BEGIN
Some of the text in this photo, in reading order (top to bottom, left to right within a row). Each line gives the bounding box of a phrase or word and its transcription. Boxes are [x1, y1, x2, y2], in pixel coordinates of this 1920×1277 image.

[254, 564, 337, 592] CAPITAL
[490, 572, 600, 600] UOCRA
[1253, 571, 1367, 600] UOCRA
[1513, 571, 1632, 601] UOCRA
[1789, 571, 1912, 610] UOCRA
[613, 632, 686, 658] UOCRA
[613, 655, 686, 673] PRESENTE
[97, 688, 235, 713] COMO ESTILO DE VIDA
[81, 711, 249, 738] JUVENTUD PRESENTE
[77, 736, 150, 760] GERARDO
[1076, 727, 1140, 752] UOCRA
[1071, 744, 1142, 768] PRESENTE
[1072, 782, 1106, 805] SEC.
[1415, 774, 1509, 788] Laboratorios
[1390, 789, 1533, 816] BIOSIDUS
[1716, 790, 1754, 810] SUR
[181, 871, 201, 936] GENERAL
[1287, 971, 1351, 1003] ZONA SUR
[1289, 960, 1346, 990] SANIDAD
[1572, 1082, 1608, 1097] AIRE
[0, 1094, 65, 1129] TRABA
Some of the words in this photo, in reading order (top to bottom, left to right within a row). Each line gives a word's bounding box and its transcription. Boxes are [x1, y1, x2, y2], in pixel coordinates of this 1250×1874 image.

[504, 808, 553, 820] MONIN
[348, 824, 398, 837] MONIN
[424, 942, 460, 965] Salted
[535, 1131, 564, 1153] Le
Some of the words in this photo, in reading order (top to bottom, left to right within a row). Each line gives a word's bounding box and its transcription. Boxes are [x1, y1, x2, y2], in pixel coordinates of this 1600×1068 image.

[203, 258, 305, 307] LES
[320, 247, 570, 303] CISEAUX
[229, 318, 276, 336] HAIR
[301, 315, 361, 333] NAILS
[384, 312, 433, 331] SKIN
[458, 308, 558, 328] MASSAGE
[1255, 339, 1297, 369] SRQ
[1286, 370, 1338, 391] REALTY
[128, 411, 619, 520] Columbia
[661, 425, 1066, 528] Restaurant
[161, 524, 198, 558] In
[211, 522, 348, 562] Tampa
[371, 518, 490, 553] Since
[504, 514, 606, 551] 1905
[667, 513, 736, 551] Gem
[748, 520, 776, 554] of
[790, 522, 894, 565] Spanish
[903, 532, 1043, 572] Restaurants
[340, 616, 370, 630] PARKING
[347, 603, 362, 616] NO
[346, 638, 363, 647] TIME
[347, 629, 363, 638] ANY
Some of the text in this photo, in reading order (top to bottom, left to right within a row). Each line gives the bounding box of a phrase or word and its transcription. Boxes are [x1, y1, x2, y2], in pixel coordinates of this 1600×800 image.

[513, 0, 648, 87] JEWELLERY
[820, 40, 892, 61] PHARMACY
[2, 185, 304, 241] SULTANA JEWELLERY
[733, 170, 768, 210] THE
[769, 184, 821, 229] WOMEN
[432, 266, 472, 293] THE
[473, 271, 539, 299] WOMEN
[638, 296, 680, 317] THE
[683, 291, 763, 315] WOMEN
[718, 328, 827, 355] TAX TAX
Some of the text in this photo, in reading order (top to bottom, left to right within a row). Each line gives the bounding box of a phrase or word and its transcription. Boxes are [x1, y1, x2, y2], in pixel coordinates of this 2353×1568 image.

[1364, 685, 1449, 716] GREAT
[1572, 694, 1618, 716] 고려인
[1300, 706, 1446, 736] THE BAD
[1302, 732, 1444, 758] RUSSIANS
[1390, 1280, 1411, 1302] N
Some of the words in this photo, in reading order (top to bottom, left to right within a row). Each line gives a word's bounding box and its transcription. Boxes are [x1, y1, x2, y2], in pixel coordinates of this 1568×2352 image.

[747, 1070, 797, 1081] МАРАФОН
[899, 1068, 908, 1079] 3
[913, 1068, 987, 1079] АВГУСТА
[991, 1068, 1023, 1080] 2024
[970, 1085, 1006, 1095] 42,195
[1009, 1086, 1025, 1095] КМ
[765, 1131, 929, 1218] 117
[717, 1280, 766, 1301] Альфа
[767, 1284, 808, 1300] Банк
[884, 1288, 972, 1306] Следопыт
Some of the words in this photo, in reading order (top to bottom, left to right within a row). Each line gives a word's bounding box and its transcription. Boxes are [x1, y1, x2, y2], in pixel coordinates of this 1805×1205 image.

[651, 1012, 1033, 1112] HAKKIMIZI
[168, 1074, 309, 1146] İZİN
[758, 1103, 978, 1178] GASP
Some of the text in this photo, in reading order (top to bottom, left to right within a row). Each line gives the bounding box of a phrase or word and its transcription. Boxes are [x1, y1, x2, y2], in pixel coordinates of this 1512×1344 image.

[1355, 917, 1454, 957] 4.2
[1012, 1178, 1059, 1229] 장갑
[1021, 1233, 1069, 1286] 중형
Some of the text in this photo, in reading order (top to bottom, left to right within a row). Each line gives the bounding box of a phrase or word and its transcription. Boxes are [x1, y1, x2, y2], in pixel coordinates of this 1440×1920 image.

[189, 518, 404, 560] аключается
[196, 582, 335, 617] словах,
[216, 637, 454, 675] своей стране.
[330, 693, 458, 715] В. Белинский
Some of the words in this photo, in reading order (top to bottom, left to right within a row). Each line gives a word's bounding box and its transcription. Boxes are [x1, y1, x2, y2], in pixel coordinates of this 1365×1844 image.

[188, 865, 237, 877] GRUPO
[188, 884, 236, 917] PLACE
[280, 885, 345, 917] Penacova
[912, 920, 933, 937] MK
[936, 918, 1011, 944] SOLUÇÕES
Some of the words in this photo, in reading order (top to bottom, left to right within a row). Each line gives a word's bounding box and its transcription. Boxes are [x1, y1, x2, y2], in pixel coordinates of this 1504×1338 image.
END
● Your instructions:
Please retype the data above exactly, including every line.

● Exercise result:
Some of the text in this photo, in reading order (top to bottom, left to right within a row). Each line gives the bounding box of a phrase or word and its transcription. Boxes are [x1, y1, x2, y2], in pixel coordinates of this 1920×1277 image.

[254, 564, 337, 592] CAPITAL
[490, 572, 600, 600] UOCRA
[1253, 571, 1367, 600] UOCRA
[1513, 571, 1632, 601] UOCRA
[1789, 571, 1912, 610] UOCRA
[613, 632, 686, 658] UOCRA
[613, 655, 686, 673] PRESENTE
[97, 688, 235, 713] COMO ESTILO DE VIDA
[81, 711, 249, 738] JUVENTUD PRESENTE
[77, 736, 150, 760] GERARDO
[1076, 727, 1140, 752] UOCRA
[1071, 744, 1142, 768] PRESENTE
[1072, 782, 1106, 805] SEC.
[1415, 774, 1509, 788] Laboratorios
[1390, 789, 1533, 816] BIOSIDUS
[1716, 790, 1754, 810] SUR
[181, 871, 201, 936] GENERAL
[1287, 971, 1351, 1003] ZONA SUR
[1289, 960, 1346, 990] SANIDAD
[1572, 1082, 1608, 1097] AIRE
[0, 1094, 65, 1129] TRABA
Some of the words in this photo, in reading order (top to bottom, left to right within a row). Each line gives a word's bounding box and its transcription. Boxes are [x1, y1, x2, y2], in pixel coordinates of this 1250×1874 image.

[504, 808, 553, 820] MONIN
[348, 824, 398, 837] MONIN
[424, 942, 460, 965] Salted
[535, 1131, 564, 1153] Le
Some of the words in this photo, in reading order (top to bottom, left to right within a row). Each line gives a word's bounding box and its transcription. Boxes are [x1, y1, x2, y2], in pixel coordinates of this 1600×1068 image.

[203, 258, 305, 307] LES
[320, 247, 570, 303] CISEAUX
[229, 318, 276, 336] HAIR
[301, 315, 361, 333] NAILS
[384, 312, 433, 331] SKIN
[458, 308, 558, 328] MASSAGE
[1255, 339, 1297, 369] SRQ
[1286, 370, 1338, 391] REALTY
[128, 411, 619, 520] Columbia
[661, 425, 1066, 528] Restaurant
[161, 524, 198, 558] In
[211, 522, 348, 562] Tampa
[371, 518, 490, 553] Since
[504, 514, 606, 551] 1905
[667, 513, 736, 551] Gem
[748, 520, 776, 554] of
[790, 522, 894, 565] Spanish
[903, 532, 1043, 572] Restaurants
[340, 616, 370, 630] PARKING
[347, 603, 362, 616] NO
[346, 638, 363, 647] TIME
[347, 629, 363, 638] ANY
Some of the text in this photo, in reading order (top to bottom, left to right within a row). Each line gives the bounding box of a phrase or word and its transcription. Boxes are [x1, y1, x2, y2], in pixel coordinates of this 1600×800 image.

[513, 0, 648, 87] JEWELLERY
[820, 40, 892, 61] PHARMACY
[2, 185, 304, 241] SULTANA JEWELLERY
[733, 170, 768, 210] THE
[769, 184, 821, 229] WOMEN
[432, 266, 472, 293] THE
[473, 271, 539, 299] WOMEN
[638, 296, 680, 317] THE
[683, 291, 763, 315] WOMEN
[718, 328, 827, 355] TAX TAX
Some of the text in this photo, in reading order (top to bottom, left to right within a row). Each line gives the bounding box of a phrase or word and its transcription. Boxes are [x1, y1, x2, y2], in pixel coordinates of this 2353×1568 image.

[1364, 685, 1449, 716] GREAT
[1572, 694, 1618, 716] 고려인
[1300, 706, 1446, 736] THE BAD
[1302, 732, 1444, 758] RUSSIANS
[1390, 1280, 1411, 1302] N
Some of the words in this photo, in reading order (top to bottom, left to right within a row). Each line gives a word's bounding box and its transcription. Boxes are [x1, y1, x2, y2], in pixel coordinates of this 1568×2352 image.

[747, 1070, 797, 1081] МАРАФОН
[899, 1068, 908, 1079] 3
[913, 1068, 987, 1079] АВГУСТА
[991, 1068, 1023, 1080] 2024
[970, 1085, 1006, 1095] 42,195
[1009, 1086, 1025, 1095] КМ
[765, 1131, 929, 1218] 117
[717, 1280, 766, 1301] Альфа
[767, 1284, 808, 1300] Банк
[884, 1288, 972, 1306] Следопыт
Some of the words in this photo, in reading order (top to bottom, left to right within a row). Each line gives a word's bounding box and its transcription. Boxes are [x1, y1, x2, y2], in pixel coordinates of this 1805×1205 image.

[651, 1012, 1033, 1112] HAKKIMIZI
[168, 1074, 309, 1146] İZİN
[758, 1103, 978, 1178] GASP
Some of the text in this photo, in reading order (top to bottom, left to right within a row). Each line gives the bounding box of a phrase or word and its transcription. Boxes are [x1, y1, x2, y2], in pixel coordinates of this 1512×1344 image.

[1355, 917, 1454, 957] 4.2
[1012, 1178, 1059, 1229] 장갑
[1021, 1233, 1069, 1286] 중형
Some of the text in this photo, in reading order (top to bottom, left to right within a row). Each line gives the bounding box of a phrase or word and its transcription. Boxes are [x1, y1, x2, y2], in pixel coordinates of this 1440×1920 image.

[189, 518, 404, 560] аключается
[196, 582, 335, 617] словах,
[216, 637, 454, 675] своей стране.
[330, 693, 458, 715] В. Белинский
Some of the words in this photo, in reading order (top to bottom, left to right within a row). Each line gives a word's bounding box and its transcription. Boxes are [x1, y1, x2, y2], in pixel coordinates of this 1365×1844 image.

[188, 865, 237, 877] GRUPO
[188, 884, 236, 917] PLACE
[280, 885, 345, 917] Penacova
[912, 920, 933, 937] MK
[936, 918, 1011, 944] SOLUÇÕES
Some of the words in this photo, in reading order (top to bottom, left to right within a row). Each line gives a word's bounding box and its transcription. Boxes are [x1, y1, x2, y2], in pixel coordinates of this 1504×1338 image.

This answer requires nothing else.